En effet, selon l’annexe, les licences obligatoires, dénommées aussi licences d’office (qui confèrent la possibilité, sous certaines conditions, de ne pas reconnaître un brevet), ne peuvent être attribuées qu’à des opérateurs produisant le médicament au sein de la région OAPI. Ceci interdit donc le recours aux licences obligatoires pour importer un médicament produit hors de la zone OAPI. Avec cette limitation, les pays s’imposent une restriction qui n’est pas prévue par les accords de l’OMC. Sachant que la capacité industrielle est limitée dans la plupart des pays concernés, ceux-ci sont, dans les faits, privés du recours à des médicaments génériques.
Par ailleurs, contrairement au texte de Bangui 77, l’Annexe I de Bangui 99 prévoit que l’exploitation de l’invention brevetée peut désormais être satisfaite par l’importation. Avant Bangui 99, l’absence de production locale d’une spécialité pouvait constituer un motif permettant au pays d’octroyer une licence obligatoire. Les Accords de Bangui 77 précisaient en effet que, si dans les 5 ans suivant la délivrance du brevet, le titulaire n’avait pas exploité, ou fait exploiter localement son invention, sans excuses légitimes, » aucune action en contrefaçon » ne sera recevable devant un tribunal. Ce n’est plus le cas dans l’Annexe I de Bangui 99. Or, les 11 pays les moins avancés membres de l’OAPI devraient pouvoir bénéficier de cette disposition jusqu’en 2016.
Les importations parallèles (possibilités d’aller acheter un médicament breveté dans le pays où il est le moins cher), quant à elles, sont limitées à la région OAPI. Ainsi, les pays ne peuvent y avoir recours pour importer des produits vendus moins chers dans des pays ne faisant pas partie de l’OAPI.

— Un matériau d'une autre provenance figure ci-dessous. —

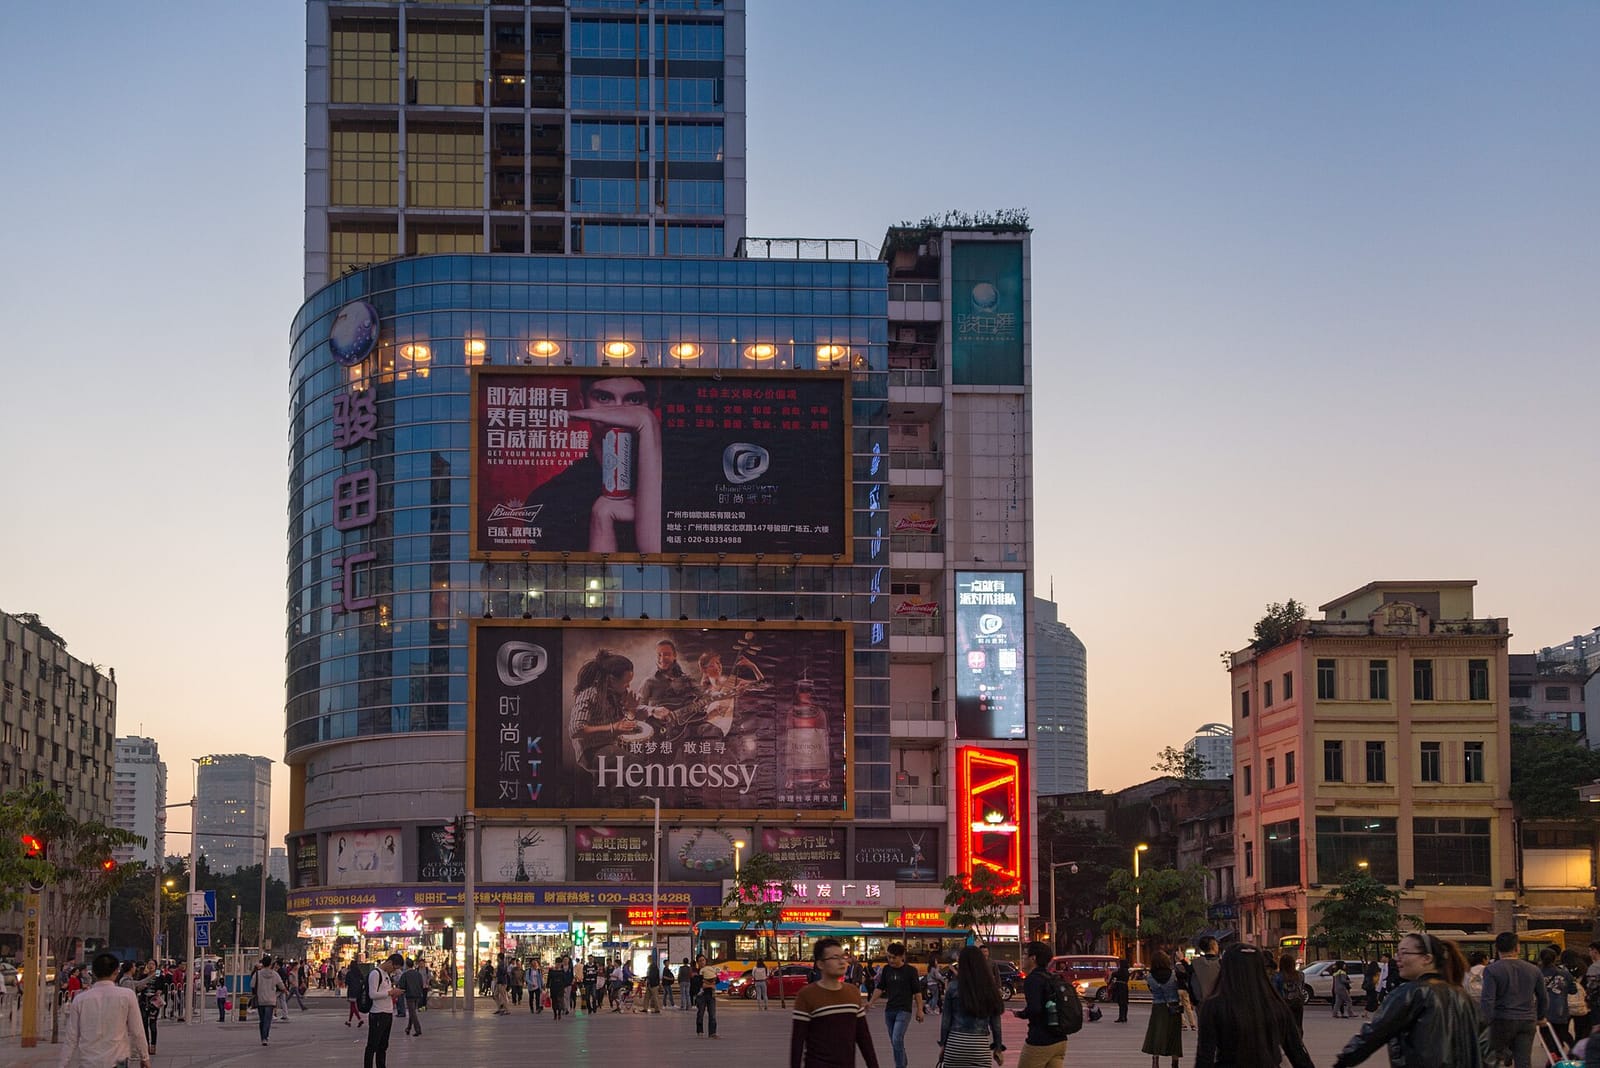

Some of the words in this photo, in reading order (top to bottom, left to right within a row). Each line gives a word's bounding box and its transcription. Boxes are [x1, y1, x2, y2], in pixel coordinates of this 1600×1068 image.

[487, 386, 569, 407] 即刻拥有
[487, 407, 569, 428] 更有型的
[486, 428, 589, 450] 百威新锐罐
[332, 387, 377, 614] 骏田汇
[493, 506, 537, 518] Budweiser
[499, 695, 521, 801] 时尚派对
[629, 741, 673, 755] 敢梦想
[683, 741, 727, 755] 敢追寻
[527, 736, 543, 801] KTV
[597, 755, 759, 794] Hennessy
[855, 853, 908, 864] GLOBAL
[422, 867, 465, 878] GLOBA
[596, 872, 637, 881] GLOBAL
[598, 892, 691, 903] 020-8334288
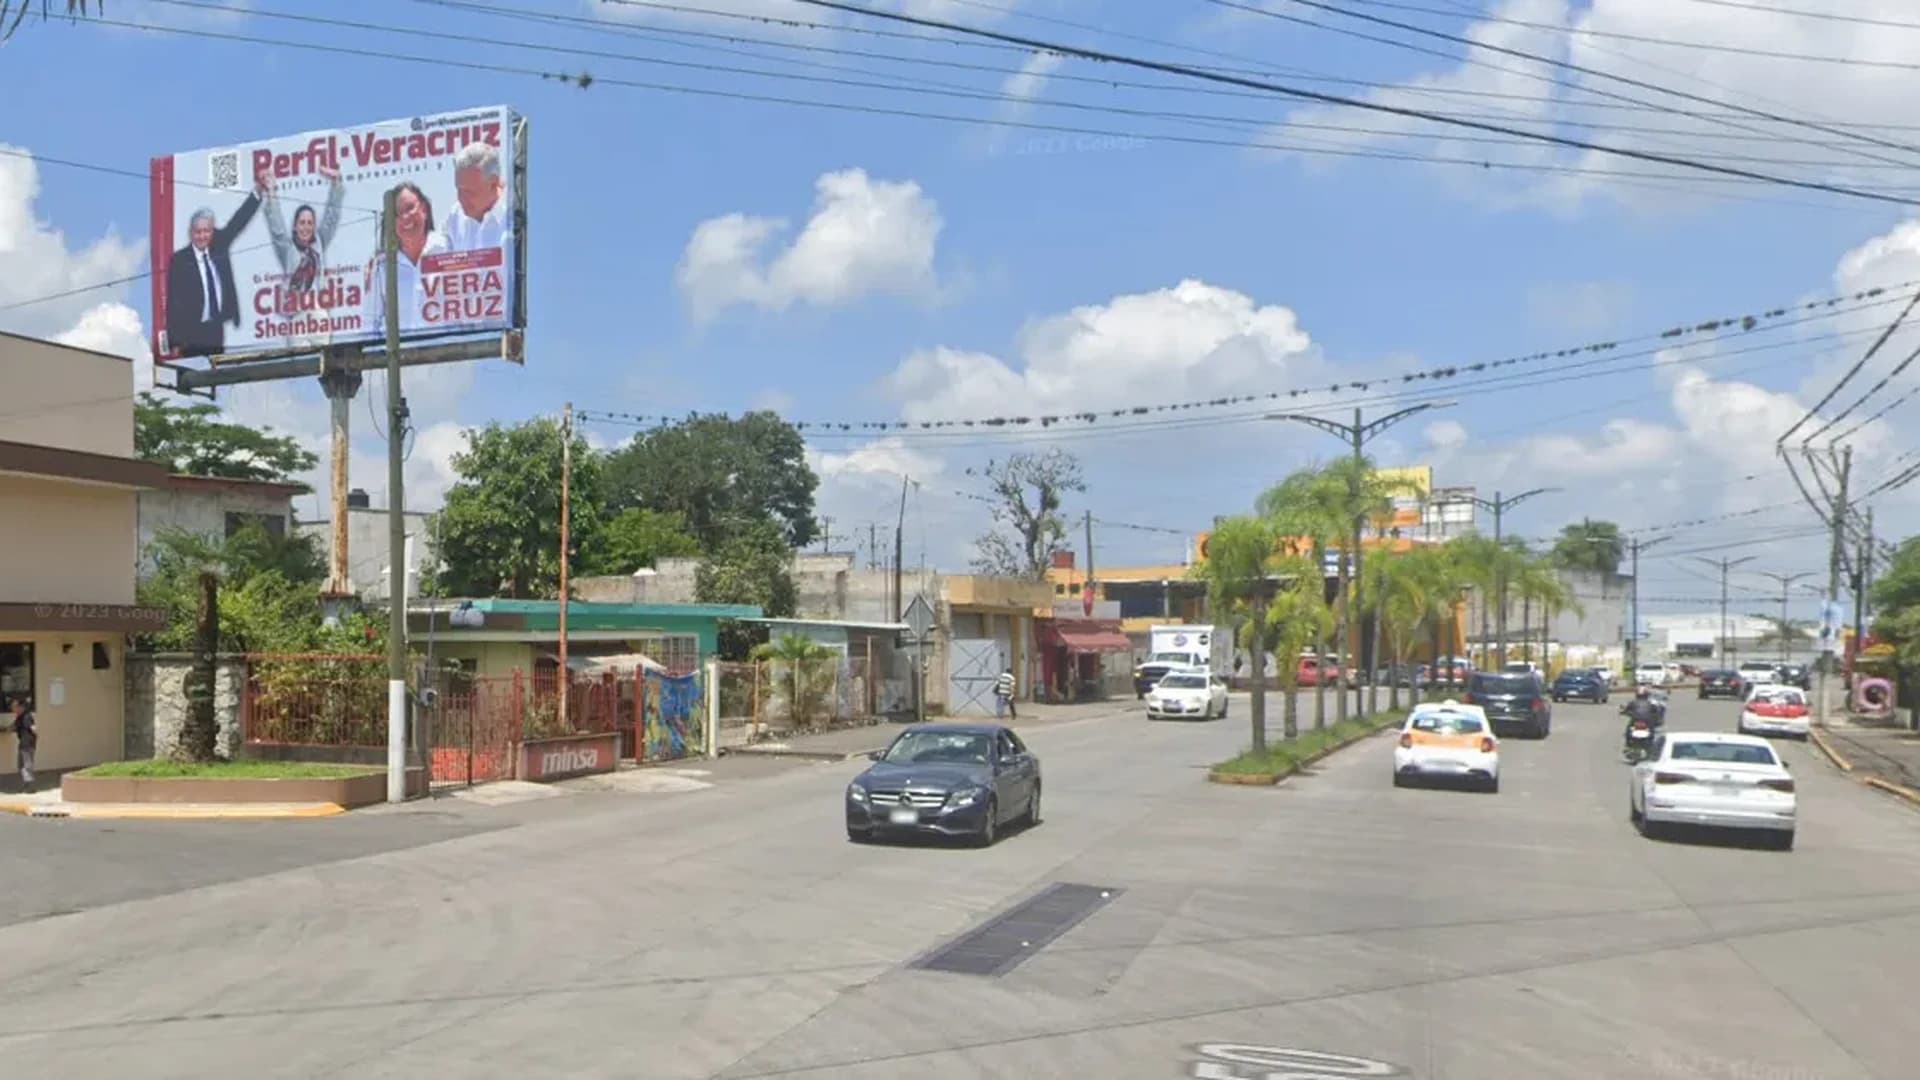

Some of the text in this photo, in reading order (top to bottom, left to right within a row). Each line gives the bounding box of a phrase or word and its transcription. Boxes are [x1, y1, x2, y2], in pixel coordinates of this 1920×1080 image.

[254, 277, 362, 316] Claudia
[421, 270, 502, 298] VERA
[422, 295, 503, 322] CRUZ
[254, 314, 362, 339] Sheinbaum
[541, 745, 598, 775] minsa

Ainsi les Accords de Bangui desservent clairement l’intérêt des pays concernés et des malades qui y vivent. Alors que ces pays devraient être les premiers bénéficiaires des flexibilités prévues dans les accords de l’OMC (qui ne sont pas si importantes au demeurant), ils s’en trouveront privés par la mise en œuvre de l’annexe I.

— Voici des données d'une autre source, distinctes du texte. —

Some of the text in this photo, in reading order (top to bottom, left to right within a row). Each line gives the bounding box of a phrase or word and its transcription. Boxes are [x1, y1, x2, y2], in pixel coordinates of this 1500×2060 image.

C’est pourquoi le processus de mise en application de l’Annexe I doit être suspendu. En outre, cette annexe doit être d’urgence révisée, et inclure toutes les recommandations émises à Doha par l’OMC, le 14 novembre 2001.
Au Burkina Faso, 150 associations ont adressé à leur gouvernement une pétition. Dans tous les pays membres de l’OAPI les malades se mobilisent pour bloquer la mise en application de ces Accords de Bangui.